Your objective
From the first line to the last, print the material exactly, skipping the pictures.

Supplied data
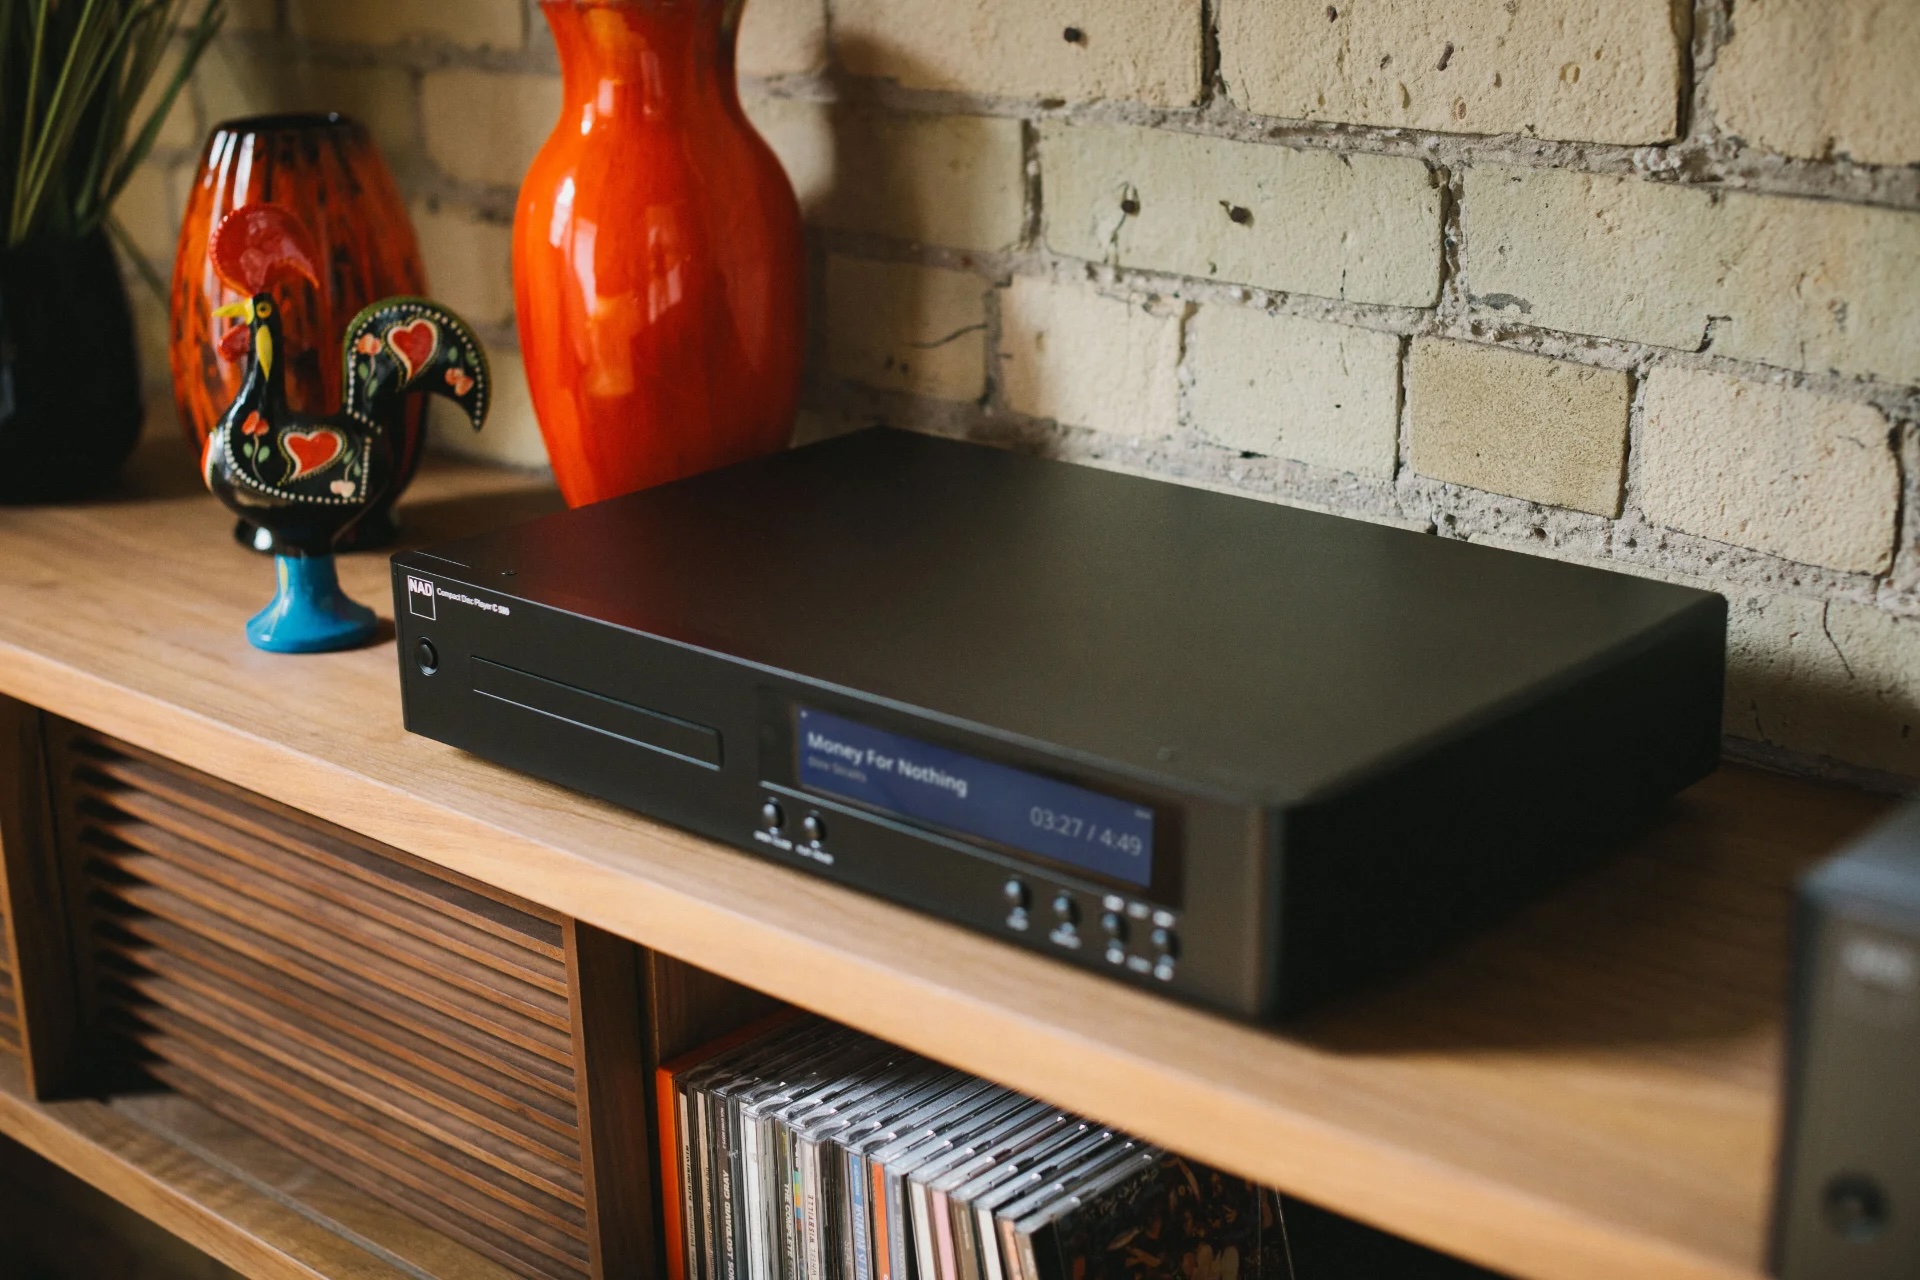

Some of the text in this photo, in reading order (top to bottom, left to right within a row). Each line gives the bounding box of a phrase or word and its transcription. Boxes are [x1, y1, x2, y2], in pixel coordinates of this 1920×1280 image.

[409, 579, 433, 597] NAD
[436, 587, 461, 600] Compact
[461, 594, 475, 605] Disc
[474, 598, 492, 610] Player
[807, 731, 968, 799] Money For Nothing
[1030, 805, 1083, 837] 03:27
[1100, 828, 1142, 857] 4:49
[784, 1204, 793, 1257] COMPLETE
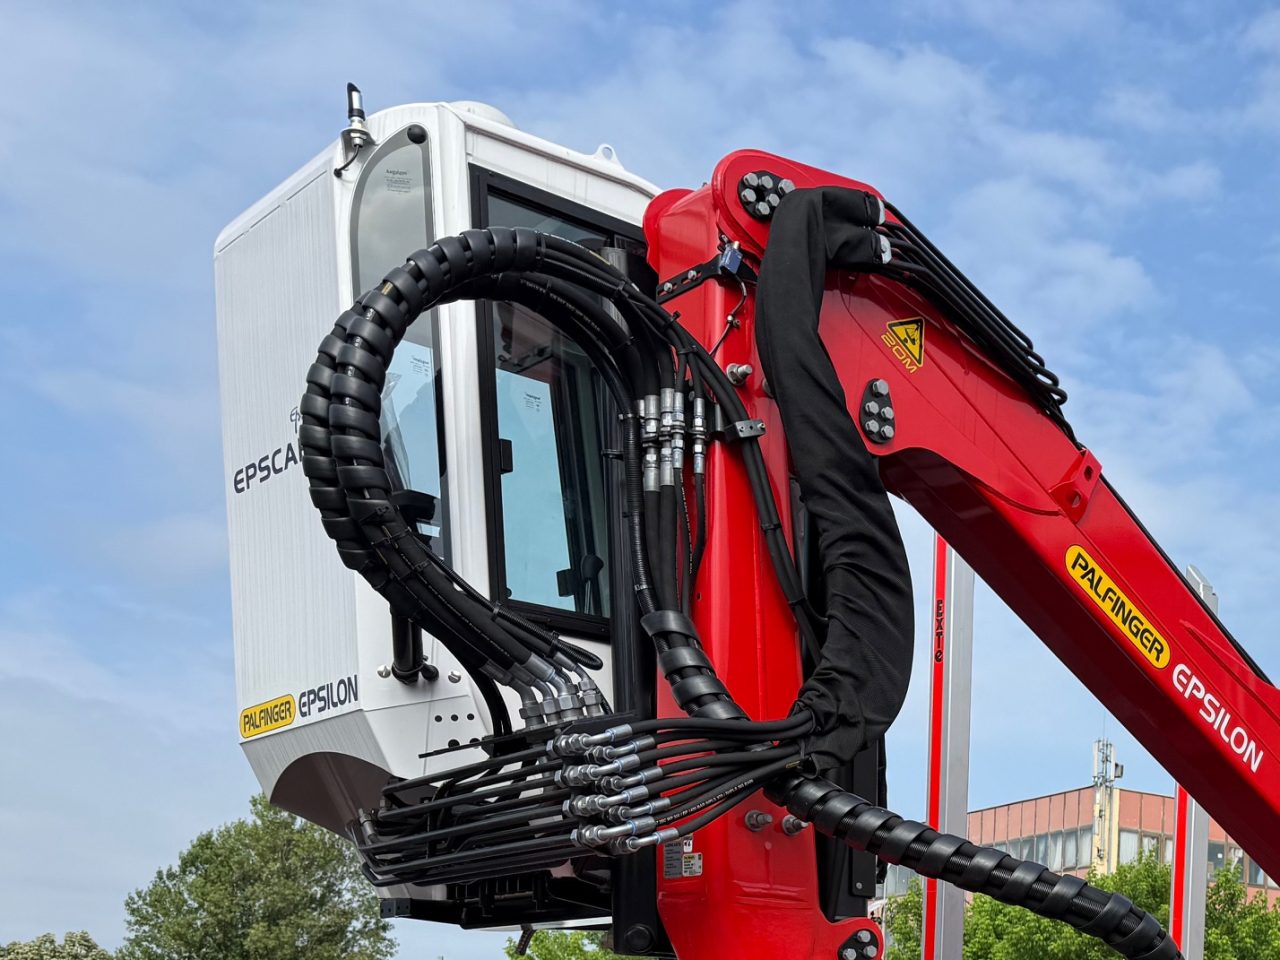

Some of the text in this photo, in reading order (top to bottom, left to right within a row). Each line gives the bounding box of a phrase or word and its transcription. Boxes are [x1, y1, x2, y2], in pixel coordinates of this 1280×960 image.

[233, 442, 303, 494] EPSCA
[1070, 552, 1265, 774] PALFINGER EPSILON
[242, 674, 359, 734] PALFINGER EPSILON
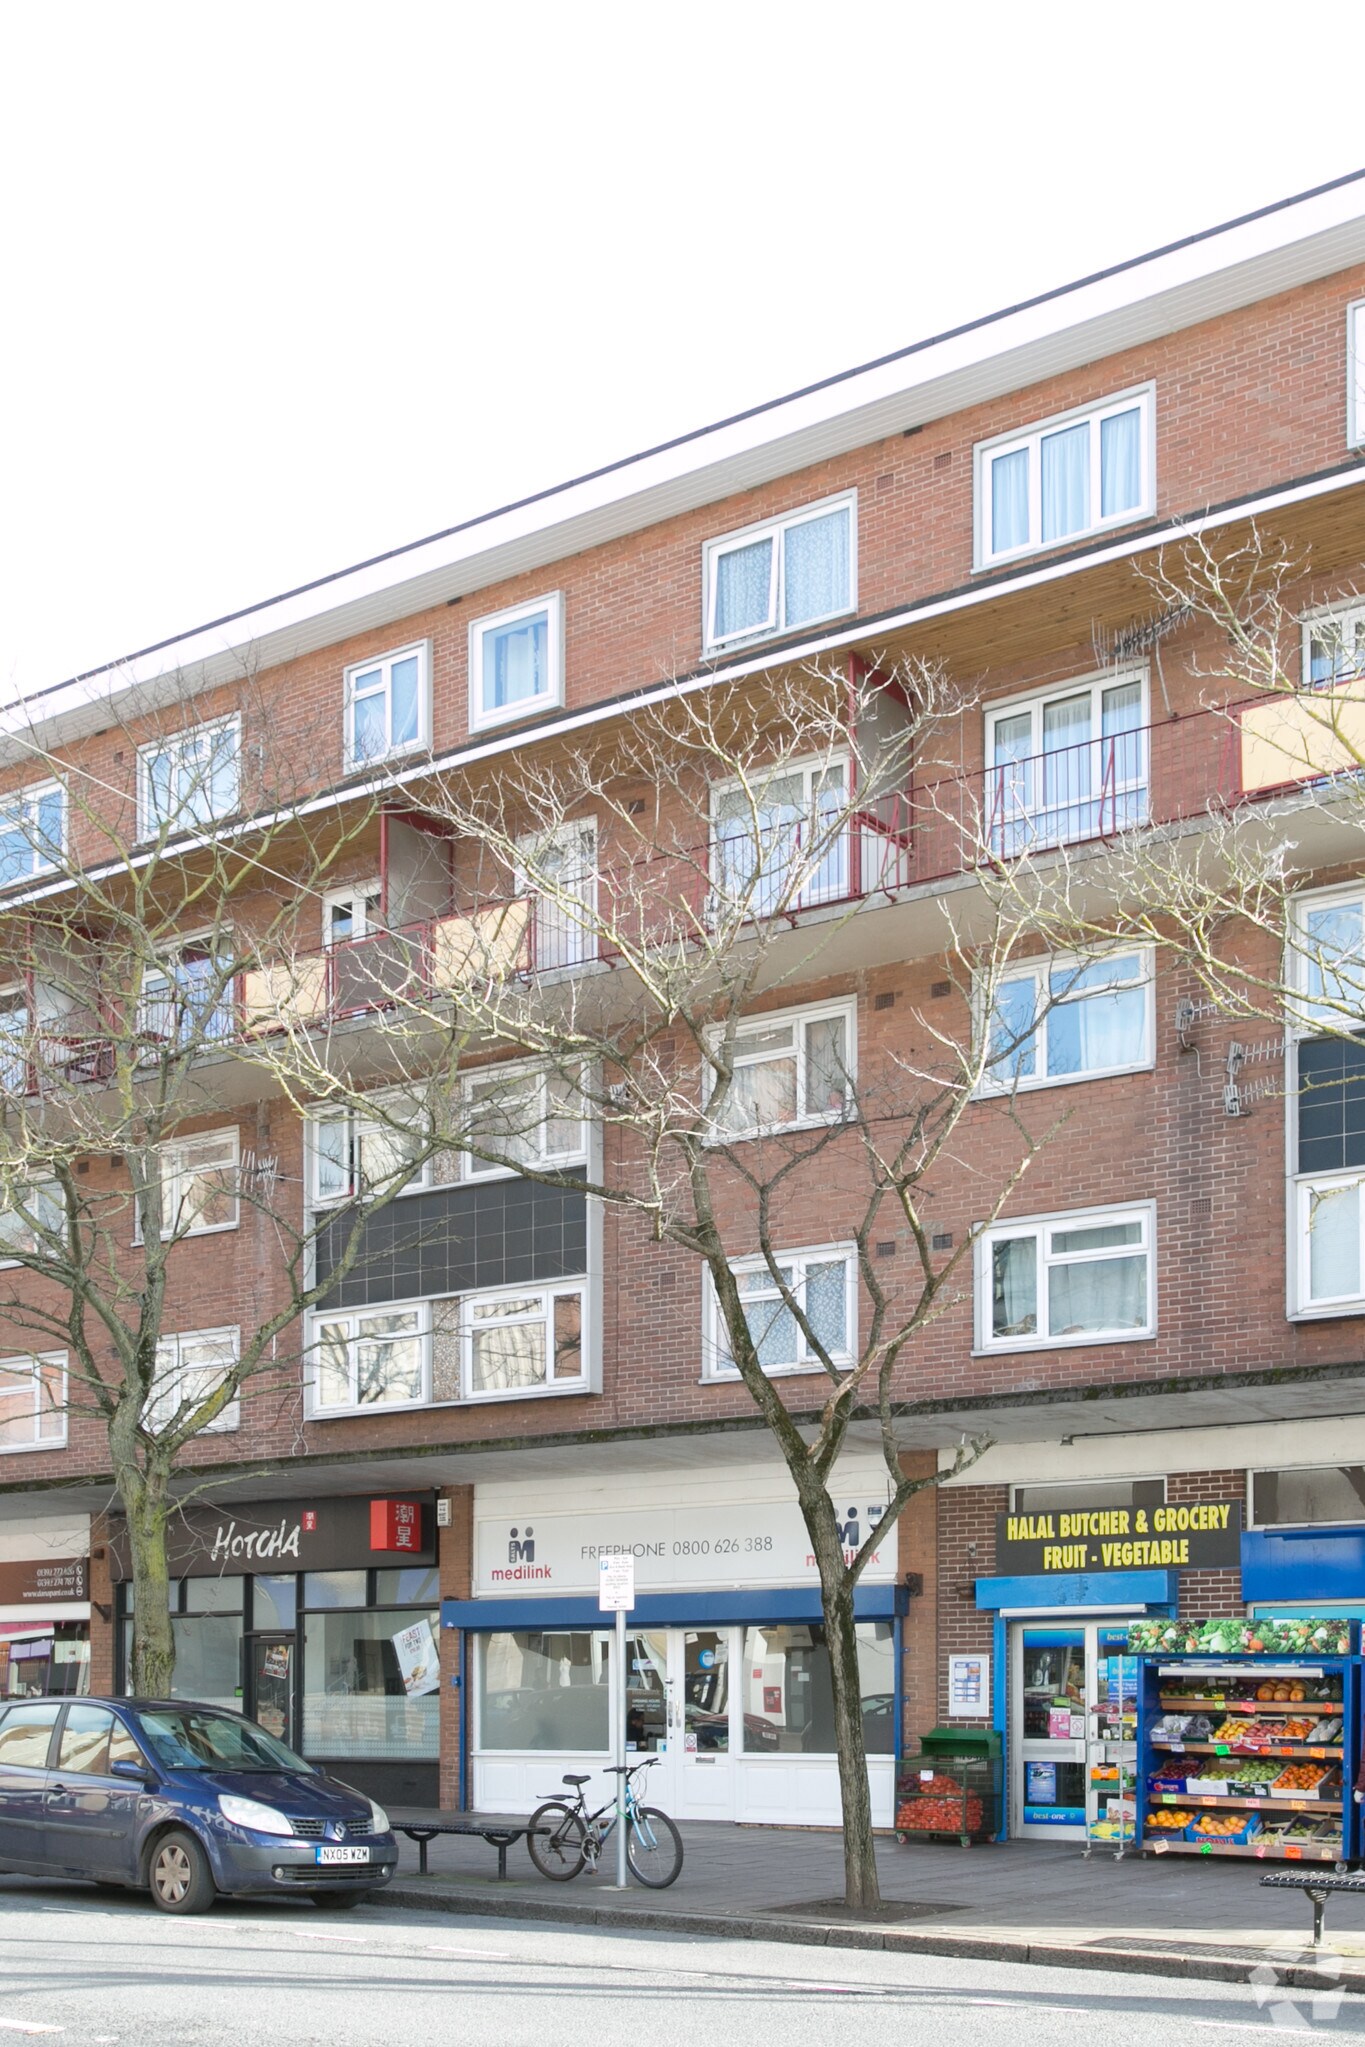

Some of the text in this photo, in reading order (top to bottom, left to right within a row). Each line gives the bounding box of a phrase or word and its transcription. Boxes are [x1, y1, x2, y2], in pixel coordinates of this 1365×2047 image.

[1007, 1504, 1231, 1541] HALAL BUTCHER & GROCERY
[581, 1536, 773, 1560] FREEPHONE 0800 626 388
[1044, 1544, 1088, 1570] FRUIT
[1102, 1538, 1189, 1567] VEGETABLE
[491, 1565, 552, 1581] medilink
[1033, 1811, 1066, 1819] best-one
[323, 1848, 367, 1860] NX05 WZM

Answer for this exercise
Some of the text in this photo, in reading order (top to bottom, left to right within a row). Each line gives the bounding box of a phrase or word and its transcription. Boxes are [x1, y1, x2, y2], in pixel coordinates of this 1920×1280 image.

[409, 579, 433, 597] NAD
[436, 587, 461, 600] Compact
[461, 594, 475, 605] Disc
[474, 598, 492, 610] Player
[807, 731, 968, 799] Money For Nothing
[1030, 805, 1083, 837] 03:27
[1100, 828, 1142, 857] 4:49
[784, 1204, 793, 1257] COMPLETE

Some of the text in this photo, in reading order (top to bottom, left to right within a row). Each line gives the bounding box of a phrase or word and its transcription. Boxes are [x1, y1, x2, y2], in pixel coordinates of this 1280×960 image.

[233, 442, 303, 494] EPSCA
[1070, 552, 1265, 774] PALFINGER EPSILON
[242, 674, 359, 734] PALFINGER EPSILON

Some of the text in this photo, in reading order (top to bottom, left to right within a row). Each line gives the bounding box of a phrase or word and its transcription. Boxes are [x1, y1, x2, y2], in pixel coordinates of this 1365×2047 image.

[1007, 1504, 1231, 1541] HALAL BUTCHER & GROCERY
[581, 1536, 773, 1560] FREEPHONE 0800 626 388
[1044, 1544, 1088, 1570] FRUIT
[1102, 1538, 1189, 1567] VEGETABLE
[491, 1565, 552, 1581] medilink
[1033, 1811, 1066, 1819] best-one
[323, 1848, 367, 1860] NX05 WZM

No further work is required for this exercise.